Italy declared neutrality after the outbreak of World War I in August 1914, but by July 1915, the Triple Entente had convinced the Italians to enter the war against the Central Powers. The primary naval opponent for the duration of the war was the Austro-Hungarian Navy; the Naval Chief of Staff, Admiral Paolo Thaon di Revel, believed the threat from submarines in the confined waters of the Adriatic was too serious to permit an active fleet policy. He therefore planned a distant blockade with the battle fleet, while smaller vessels, such as the MAS boats conducted raids. The heavy ships of the Italian fleet would be preserved for a potential major battle in the event that the Austro-Hungarian fleet should emerge from its bases.

As a result, the ship's career during the war was limited. During the war, Regina Elena and her three sisters were assigned to the 2nd Division. They spent much of the war rotating between the bases at Taranto, Brindisi, and Valona, but did not see combat. In February 1916, Regina Elena and Roma sortied briefly in response to mistaken reports that the Austro-Hungarian fleet was at sea. On 14–15 May 1917, three light cruisers of the Austro-Hungarian Navy raided the Otranto Barrage; in the ensuring Battle of the Strait of Otranto, Regina Elena and her sisters raised steam to assist the Allied warships, but the Italian commander refused to permit them to join the battle for fear of risking their loss in the submarine-infested Adriatic.

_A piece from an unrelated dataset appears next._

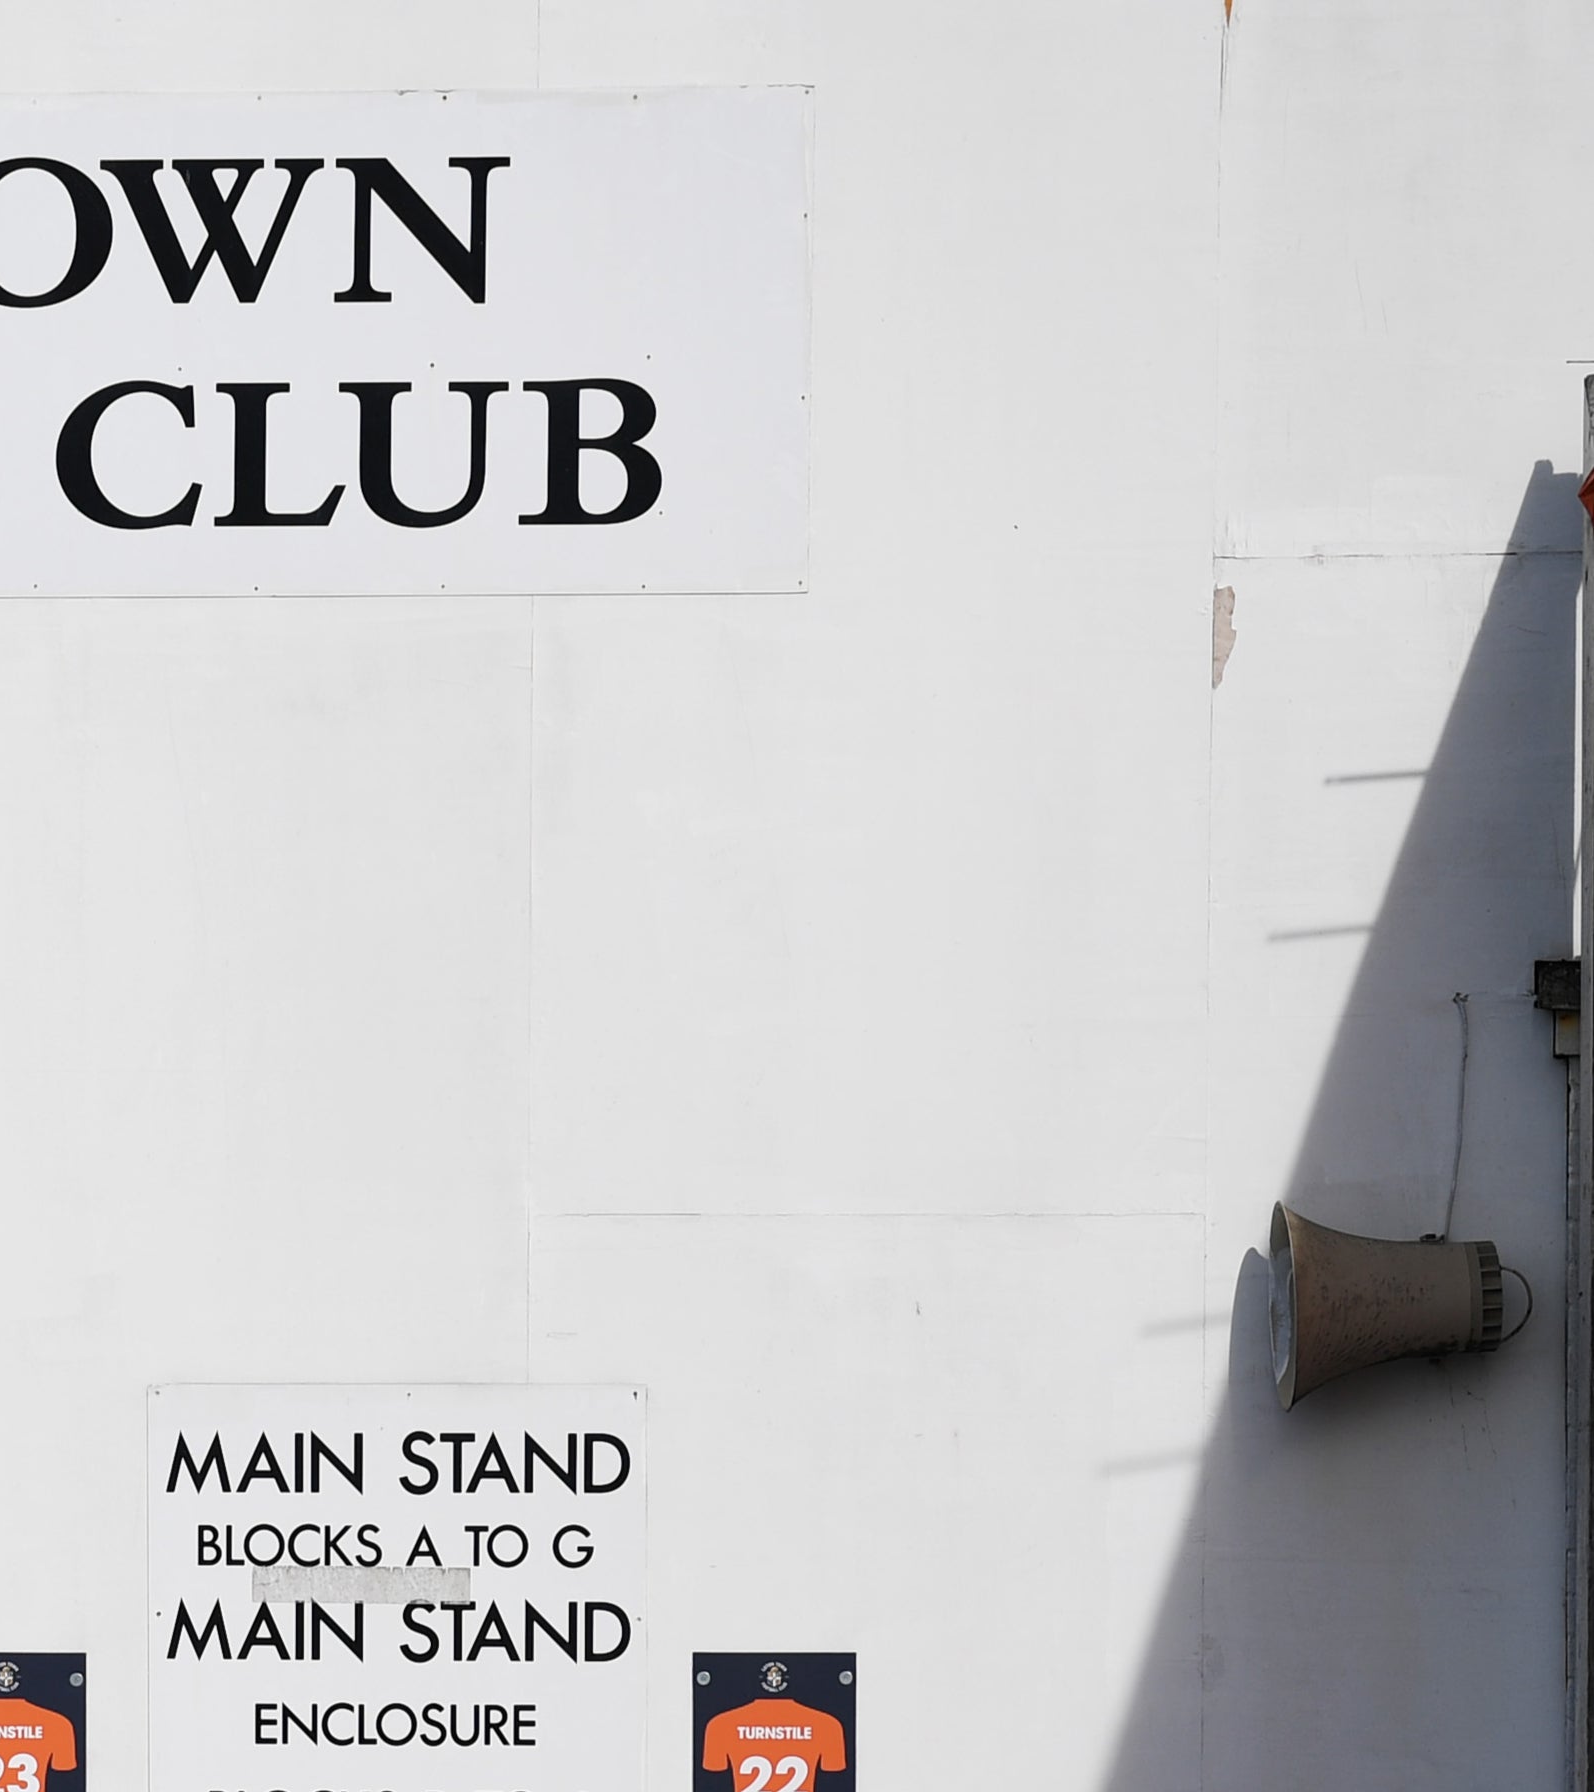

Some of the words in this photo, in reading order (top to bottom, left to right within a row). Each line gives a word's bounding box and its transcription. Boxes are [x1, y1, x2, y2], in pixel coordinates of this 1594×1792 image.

Under the terms of the Washington Naval Treaty, Italy was permitted to retain Regina Elena and her three sisters. The Italian Navy could have kept the ships in service indefinitely, but they could not be replaced by new battleships under the normal practice of the Treaty system. Nevertheless, she was stricken from the naval register on 16 February 1923 and subsequently broken up for scrap.